Researchers have developed clever approaches that deliver nearly the same statistical power as pooled analysis. Meta-analysis techniques properly weight site-specific results based on sample size and variance. Some statistical methods (called one-shot algorithms) can produce identical results to centralized analysis with just a single round of communication.

Even more sophisticated tests like the Mann-Whitney U have federated implementations that achieve near-full statistical efficiency while maintaining privacy (typically with K=10 anonymity protections).

Before deploying these methods on sensitive real-world data, researchers often validate them through simulation studies that confirm they’ll deliver reliable results in federated settings.

Security, Privacy & Attack Surfaces

When you’re working with sensitive data, security isn’t optional. Federated systems have to defend against some pretty creative attack vectors – from attempts to reverse-engineer raw data to membership inference attacks that try to determine if specific individuals are in a dataset.

How we’re solving this:

Differential privacy has emerged as a powerful defense, adding carefully calibrated “noise” to results that prevents identification of individuals while preserving overall statistical validity. It’s like adding static to a radio signal – the music comes through fine, but you can’t pick out individual instruments with perfect clarity.

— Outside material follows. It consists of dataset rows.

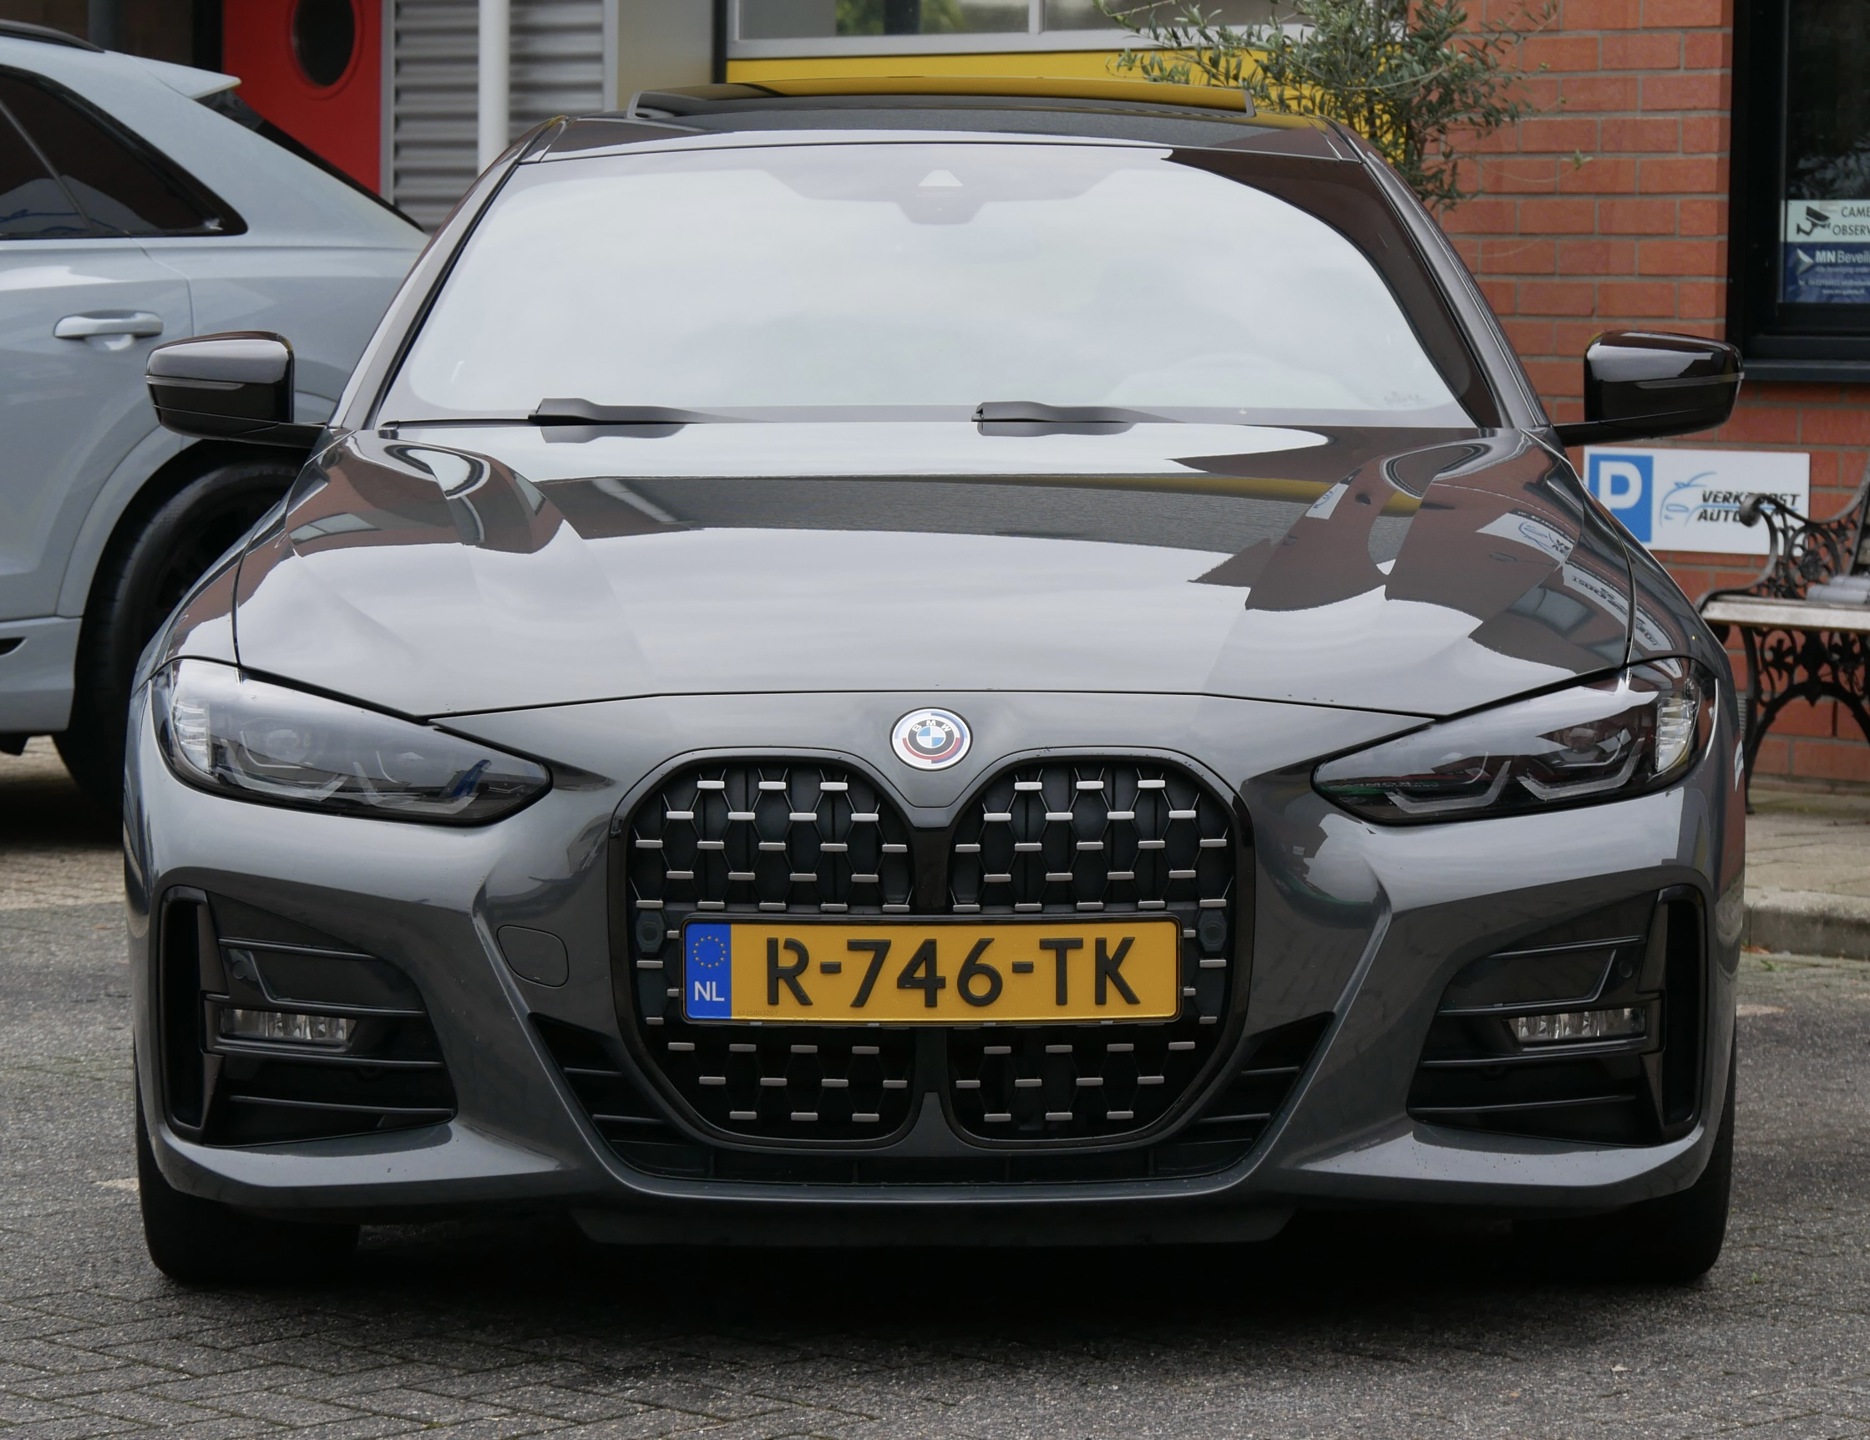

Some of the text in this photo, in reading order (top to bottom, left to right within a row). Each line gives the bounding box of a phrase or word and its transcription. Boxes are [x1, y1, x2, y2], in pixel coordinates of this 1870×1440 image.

[1815, 250, 1836, 263] MN
[1599, 460, 1643, 509] P
[912, 719, 951, 732] BMW
[766, 936, 1141, 1008] R-746-TK
[694, 981, 725, 1001] NL

Secure aggregation protocols ensure that only combined results from multiple sites are visible, not individual site contributions. This prevents an attacker from isolating information from a specific source.

The K-anonymity requirement (typically set at K=10) means each released data point must represent at least 10 individuals, making it impossible to single out specific people.

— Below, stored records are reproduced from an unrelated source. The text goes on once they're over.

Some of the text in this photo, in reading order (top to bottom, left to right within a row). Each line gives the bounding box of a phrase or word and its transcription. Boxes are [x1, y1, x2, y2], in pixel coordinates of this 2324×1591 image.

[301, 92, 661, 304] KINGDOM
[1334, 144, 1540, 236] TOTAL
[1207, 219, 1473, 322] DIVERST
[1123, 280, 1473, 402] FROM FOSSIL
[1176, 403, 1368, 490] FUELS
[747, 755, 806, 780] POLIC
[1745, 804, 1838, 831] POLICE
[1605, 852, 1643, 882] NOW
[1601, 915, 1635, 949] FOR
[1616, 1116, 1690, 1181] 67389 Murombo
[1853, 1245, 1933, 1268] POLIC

Comprehensive threat modeling helps identify potential vulnerabilities before they can be exploited. By systematically thinking through how someone might try to attack the system, developers can build in appropriate safeguards.

While these challenges might seem daunting at first glance, they’re increasingly well-understood. The research community continues to develop neat solutions that maintain statistical validity while preserving privacy in federated settings. With proper implementation, federated data analysis can deliver powerful insights while keeping sensitive data secure.

Implementing Federated Data Analysis: Standards, Compliance & Best Practices

GDPR and HIPAA compliance shield - federated data analysis

So you’re convinced that federated data analysis is the way forward—but how do you actually implement it in the real world? Let’s break down the practical aspects of making federation work while staying on the right side of regulations.

Regulatory Landscape & Privacy-Enhancing Tech

The regulatory landscape can feel like navigating a maze, especially when your federated system spans multiple countries or jurisdictions.

Under GDPR, clarity about roles is crucial. Organizations contributing identifiable data typically act as data controllers, while those providing the federation infrastructure usually serve as processors. A well-designed federation minimizes the number of controllers, which significantly reduces your compliance headache.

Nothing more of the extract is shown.